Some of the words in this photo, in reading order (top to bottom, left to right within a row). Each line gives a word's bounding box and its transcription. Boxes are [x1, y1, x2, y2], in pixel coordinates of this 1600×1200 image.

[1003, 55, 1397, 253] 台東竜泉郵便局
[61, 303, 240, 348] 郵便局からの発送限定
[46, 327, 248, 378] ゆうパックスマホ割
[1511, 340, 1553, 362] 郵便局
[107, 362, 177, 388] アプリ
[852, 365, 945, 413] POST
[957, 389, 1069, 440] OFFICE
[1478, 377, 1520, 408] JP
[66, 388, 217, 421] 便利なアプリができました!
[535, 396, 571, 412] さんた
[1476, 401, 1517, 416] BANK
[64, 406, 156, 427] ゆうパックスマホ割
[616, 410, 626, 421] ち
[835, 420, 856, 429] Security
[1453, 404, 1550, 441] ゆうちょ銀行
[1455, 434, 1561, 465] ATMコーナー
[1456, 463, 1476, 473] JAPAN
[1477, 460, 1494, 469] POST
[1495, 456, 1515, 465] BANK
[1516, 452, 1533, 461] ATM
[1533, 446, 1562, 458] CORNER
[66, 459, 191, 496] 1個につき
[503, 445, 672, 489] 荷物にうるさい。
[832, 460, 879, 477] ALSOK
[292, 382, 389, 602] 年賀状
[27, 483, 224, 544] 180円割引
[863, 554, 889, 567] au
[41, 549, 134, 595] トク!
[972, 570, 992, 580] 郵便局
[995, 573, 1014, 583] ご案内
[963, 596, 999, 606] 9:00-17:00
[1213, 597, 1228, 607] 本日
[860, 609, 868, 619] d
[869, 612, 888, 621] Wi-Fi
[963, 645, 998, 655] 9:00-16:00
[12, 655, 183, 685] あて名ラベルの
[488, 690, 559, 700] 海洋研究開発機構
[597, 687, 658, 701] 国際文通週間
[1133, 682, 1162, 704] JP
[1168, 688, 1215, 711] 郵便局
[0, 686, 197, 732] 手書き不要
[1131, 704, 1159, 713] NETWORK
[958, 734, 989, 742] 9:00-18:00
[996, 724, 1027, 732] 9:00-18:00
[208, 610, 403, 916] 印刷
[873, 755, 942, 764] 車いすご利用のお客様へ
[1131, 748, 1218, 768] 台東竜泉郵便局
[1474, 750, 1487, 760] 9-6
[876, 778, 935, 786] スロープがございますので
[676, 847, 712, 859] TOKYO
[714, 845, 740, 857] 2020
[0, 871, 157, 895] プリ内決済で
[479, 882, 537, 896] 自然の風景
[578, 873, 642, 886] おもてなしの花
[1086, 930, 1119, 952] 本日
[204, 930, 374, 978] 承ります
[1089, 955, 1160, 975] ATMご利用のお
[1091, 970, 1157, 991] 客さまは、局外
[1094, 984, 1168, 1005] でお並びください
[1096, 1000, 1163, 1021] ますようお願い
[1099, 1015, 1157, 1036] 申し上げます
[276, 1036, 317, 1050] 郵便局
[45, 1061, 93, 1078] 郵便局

§ §

WHAT YOU HAVE TO DO:
From first line to last, transcribe the material exactly.

SOLUTION FOR THIS EXERCISE:
Some of the words in this photo, in reading order (top to bottom, left to right within a row). Each line gives a word's bounding box and its transcription. Boxes are [x1, y1, x2, y2], in pixel coordinates of this 1600×1200 image.

[1003, 55, 1397, 253] 台東竜泉郵便局
[61, 303, 240, 348] 郵便局からの発送限定
[46, 327, 248, 378] ゆうパックスマホ割
[1511, 340, 1553, 362] 郵便局
[107, 362, 177, 388] アプリ
[852, 365, 945, 413] POST
[957, 389, 1069, 440] OFFICE
[1478, 377, 1520, 408] JP
[66, 388, 217, 421] 便利なアプリができました!
[535, 396, 571, 412] さんた
[1476, 401, 1517, 416] BANK
[64, 406, 156, 427] ゆうパックスマホ割
[616, 410, 626, 421] ち
[835, 420, 856, 429] Security
[1453, 404, 1550, 441] ゆうちょ銀行
[1455, 434, 1561, 465] ATMコーナー
[1456, 463, 1476, 473] JAPAN
[1477, 460, 1494, 469] POST
[1495, 456, 1515, 465] BANK
[1516, 452, 1533, 461] ATM
[1533, 446, 1562, 458] CORNER
[66, 459, 191, 496] 1個につき
[503, 445, 672, 489] 荷物にうるさい。
[832, 460, 879, 477] ALSOK
[292, 382, 389, 602] 年賀状
[27, 483, 224, 544] 180円割引
[863, 554, 889, 567] au
[41, 549, 134, 595] トク!
[972, 570, 992, 580] 郵便局
[995, 573, 1014, 583] ご案内
[963, 596, 999, 606] 9:00-17:00
[1213, 597, 1228, 607] 本日
[860, 609, 868, 619] d
[869, 612, 888, 621] Wi-Fi
[963, 645, 998, 655] 9:00-16:00
[12, 655, 183, 685] あて名ラベルの
[488, 690, 559, 700] 海洋研究開発機構
[597, 687, 658, 701] 国際文通週間
[1133, 682, 1162, 704] JP
[1168, 688, 1215, 711] 郵便局
[0, 686, 197, 732] 手書き不要
[1131, 704, 1159, 713] NETWORK
[958, 734, 989, 742] 9:00-18:00
[996, 724, 1027, 732] 9:00-18:00
[208, 610, 403, 916] 印刷
[873, 755, 942, 764] 車いすご利用のお客様へ
[1131, 748, 1218, 768] 台東竜泉郵便局
[1474, 750, 1487, 760] 9-6
[876, 778, 935, 786] スロープがございますので
[676, 847, 712, 859] TOKYO
[714, 845, 740, 857] 2020
[0, 871, 157, 895] プリ内決済で
[479, 882, 537, 896] 自然の風景
[578, 873, 642, 886] おもてなしの花
[1086, 930, 1119, 952] 本日
[204, 930, 374, 978] 承ります
[1089, 955, 1160, 975] ATMご利用のお
[1091, 970, 1157, 991] 客さまは、局外
[1094, 984, 1168, 1005] でお並びください
[1096, 1000, 1163, 1021] ますようお願い
[1099, 1015, 1157, 1036] 申し上げます
[276, 1036, 317, 1050] 郵便局
[45, 1061, 93, 1078] 郵便局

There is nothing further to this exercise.